* [Recorded information]
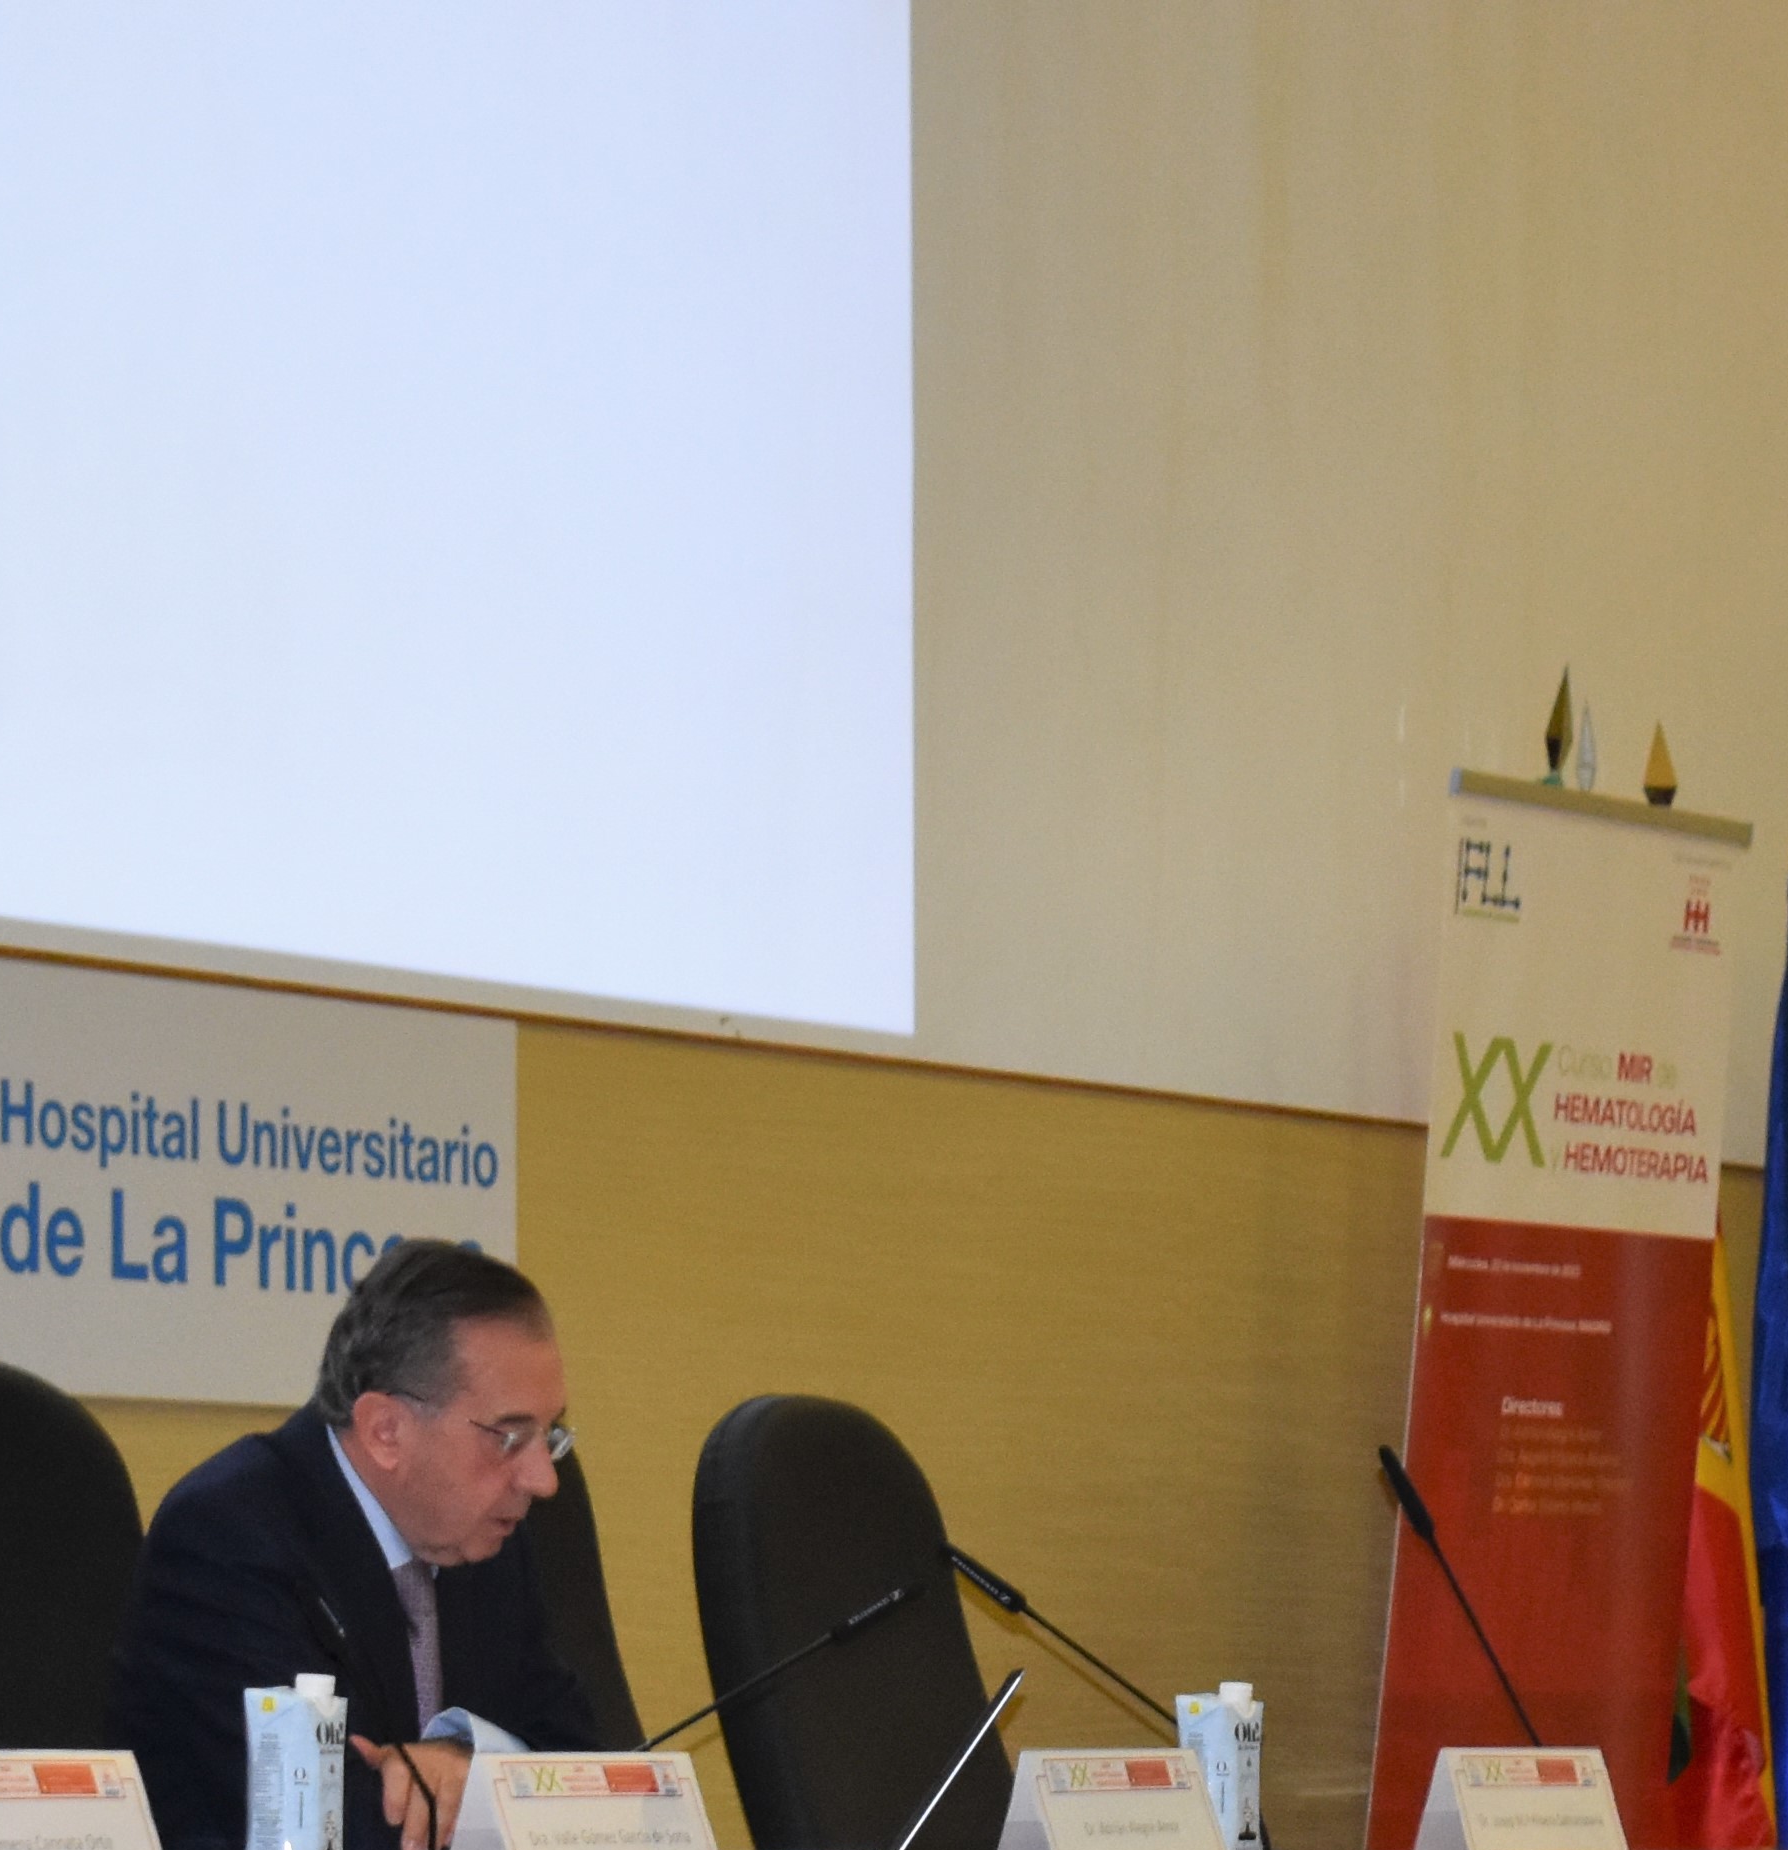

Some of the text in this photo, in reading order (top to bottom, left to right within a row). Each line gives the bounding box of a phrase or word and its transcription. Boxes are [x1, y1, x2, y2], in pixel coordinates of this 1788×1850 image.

[1617, 1052, 1653, 1085] MIR
[0, 1078, 499, 1191] Hospital Universitario
[1554, 1094, 1696, 1137] HEMATOLOGÍA
[1563, 1141, 1708, 1184] HEMOTERAPIA
[0, 1182, 484, 1296] de La Princ

* [Problem requirements] If a record holds a picture, leave the picture out and print everything else exactly.

* [Exercise solution]
Some of the text in this photo, in reading order (top to bottom, left to right within a row). Each line gives the bounding box of a phrase or word and its transcription. Boxes are [x1, y1, x2, y2], in pixel coordinates of this 1788×1850 image.

[1617, 1052, 1653, 1085] MIR
[0, 1078, 499, 1191] Hospital Universitario
[1554, 1094, 1696, 1137] HEMATOLOGÍA
[1563, 1141, 1708, 1184] HEMOTERAPIA
[0, 1182, 484, 1296] de La Princ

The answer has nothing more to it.